TASK DESCRIPTION
Each time a line of the listing holds "Jeri", copy that line.

DATA LISTING
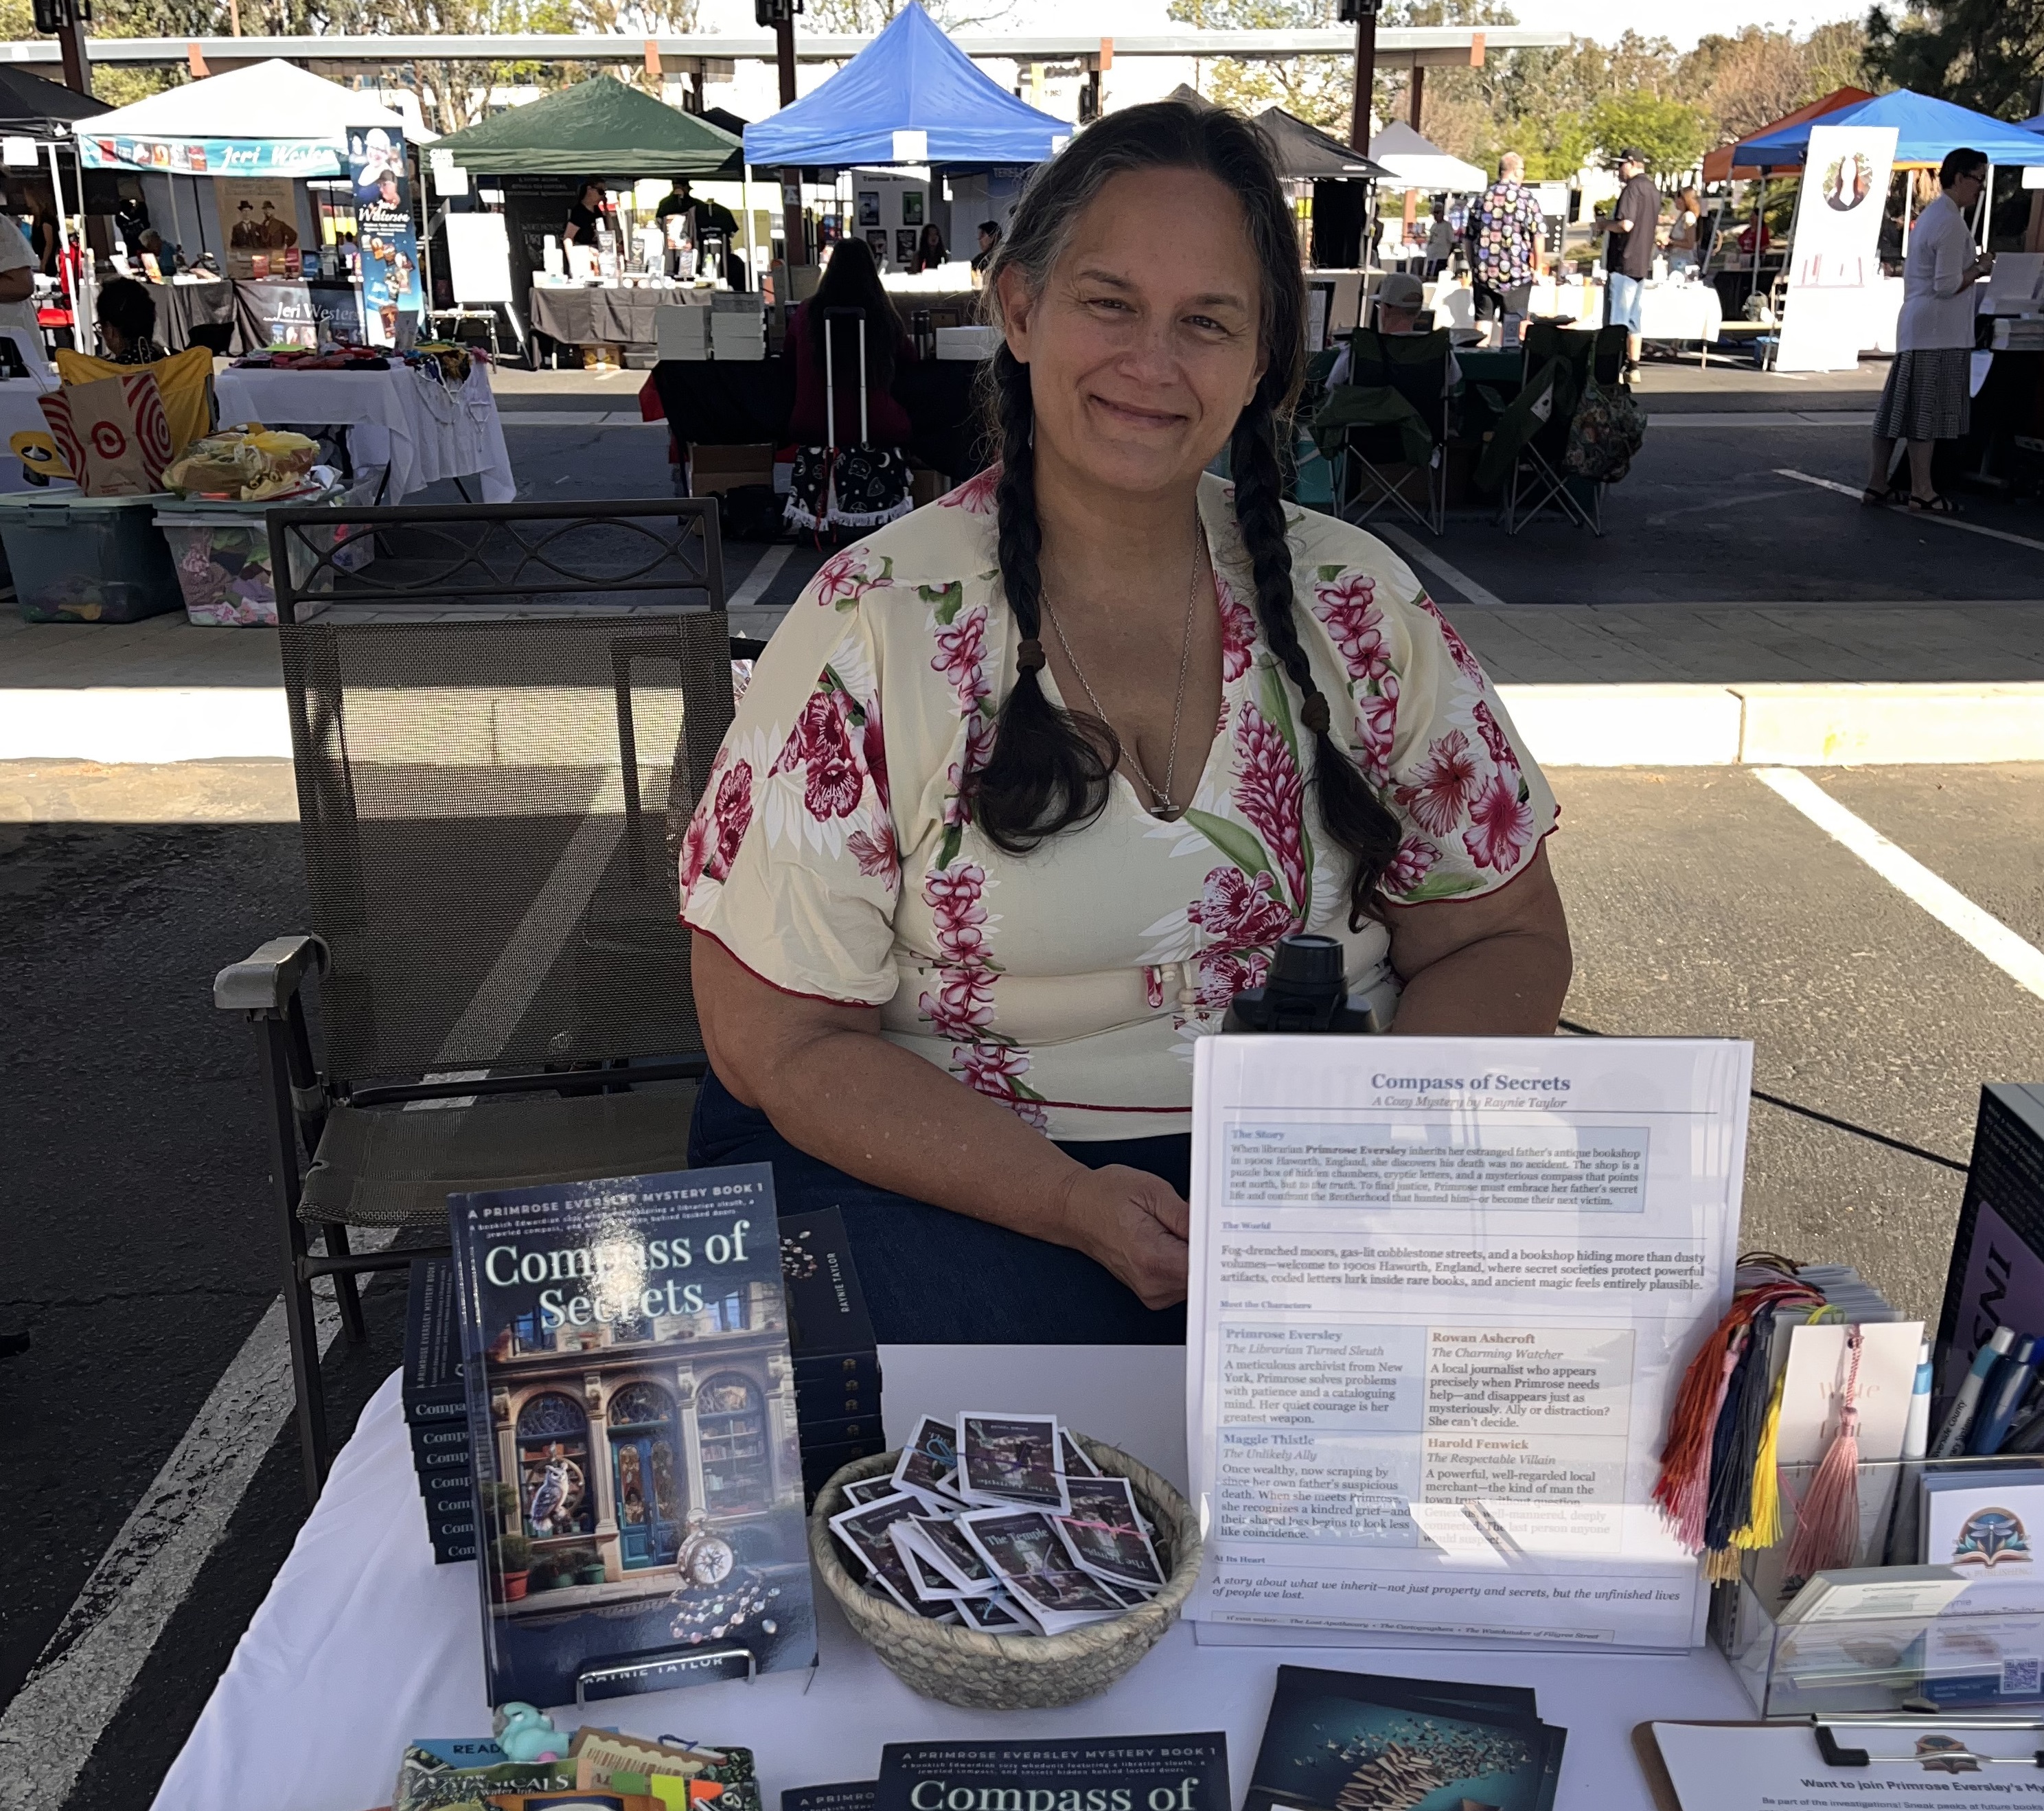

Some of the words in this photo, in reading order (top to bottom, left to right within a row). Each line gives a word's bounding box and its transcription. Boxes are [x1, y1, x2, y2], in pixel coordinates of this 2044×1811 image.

[220, 145, 261, 171] Jeri
[276, 301, 301, 321] Jeri
[1370, 1073, 1465, 1093] Compass
[1469, 1073, 1492, 1090] of
[1495, 1074, 1571, 1091] Secrets
[467, 1209, 479, 1220] A
[483, 1201, 560, 1219] PRIMROSE
[643, 1187, 708, 1203] MYSTERY
[712, 1183, 753, 1197] BOOK
[757, 1182, 764, 1193] 1
[704, 1218, 752, 1265] of
[1221, 1244, 1299, 1260] Fog-drenched
[1340, 1246, 1375, 1261] gas-lit
[1376, 1246, 1444, 1258] cobblestone
[1445, 1247, 1486, 1262] streets,
[1487, 1248, 1510, 1259] and
[1511, 1251, 1518, 1260] a
[1519, 1249, 1575, 1264] bookshop
[1576, 1249, 1613, 1264] hiding
[1614, 1253, 1645, 1261] more
[1646, 1250, 1673, 1262] than
[1673, 1251, 1706, 1265] dusty
[826, 1253, 842, 1282] TAYLOR
[834, 1283, 851, 1312] RAYNIE
[1226, 1328, 1285, 1339] Primrose
[1288, 1329, 1342, 1343] Eversley
[1432, 1332, 1477, 1343] Rowan
[1479, 1333, 1535, 1344] Ashcroft
[1225, 1343, 1246, 1354] The
[1248, 1343, 1303, 1354] Librarian
[1306, 1344, 1347, 1355] Turned
[1348, 1345, 1384, 1356] Sleuth
[1432, 1347, 1453, 1358] The
[1454, 1347, 1513, 1361] Charming
[1515, 1348, 1565, 1360] Watcher
[1429, 1363, 1439, 1374] A
[1442, 1363, 1469, 1374] local
[1470, 1363, 1524, 1377] journalist
[1526, 1365, 1550, 1375] who
[1552, 1367, 1596, 1378] appears
[1429, 1376, 1479, 1390] precisely
[1481, 1377, 1512, 1388] when
[1514, 1378, 1565, 1389] Primrose
[1567, 1378, 1600, 1389] needs
[1485, 1390, 1548, 1404] disappears
[1549, 1391, 1570, 1404] just
[1572, 1394, 1585, 1402] as
[1428, 1402, 1502, 1417] mysteriously.
[1505, 1404, 1527, 1417] Ally
[1543, 1404, 1610, 1416] distraction?
[1948, 1399, 1968, 1428] County
[1427, 1415, 1449, 1426] She
[1450, 1416, 1478, 1426] can't
[1480, 1416, 1519, 1427] decide.
[1427, 1438, 1473, 1449] Harold
[1476, 1439, 1529, 1449] Fenwick
[1427, 1453, 1447, 1463] The
[1450, 1453, 1516, 1467] Respectable
[1519, 1454, 1557, 1465] Villain
[985, 1534, 1009, 1546] The
[1009, 1527, 1050, 1543] Temple
[1212, 1585, 1224, 1595] of
[1225, 1585, 1261, 1601] people
[1263, 1590, 1280, 1598] we
[1281, 1588, 1305, 1599] lost.
[1213, 1574, 1221, 1584] A
[1224, 1574, 1252, 1588] story
[1255, 1575, 1287, 1588] about
[1290, 1576, 1318, 1588] what
[1321, 1580, 1337, 1588] we
[1408, 1580, 1429, 1595] just
[1432, 1582, 1482, 1597] property
[1483, 1583, 1506, 1595] and
[1508, 1584, 1549, 1599] secrets,
[1552, 1586, 1571, 1597] but
[1574, 1586, 1592, 1597] the
[1594, 1587, 1652, 1599] unfinished
[1655, 1589, 1680, 1600] lives
[902, 1751, 912, 1760] A
[918, 1750, 998, 1760] PRIMROSE
[1002, 1750, 1081, 1759] EVERSLEY
[1085, 1748, 1156, 1759] MYSTERY
[1160, 1747, 1206, 1757] BOOK
[1210, 1747, 1217, 1755] 1
[910, 1779, 1134, 1811] Compass
[1147, 1775, 1201, 1811] of
[1800, 1777, 1838, 1790] Want
[1839, 1779, 1855, 1790] to
[1857, 1779, 1885, 1792] join
[1885, 1780, 1951, 1792] Primrose
[1951, 1781, 2024, 1794] Eversley's
[799, 1798, 810, 1807] A
[1777, 1797, 1798, 1807] part
[1799, 1797, 1811, 1806] of
[1811, 1798, 1828, 1806] the

REPLY TO THE EXERCISE
[220, 145, 261, 171] Jeri
[276, 301, 301, 321] Jeri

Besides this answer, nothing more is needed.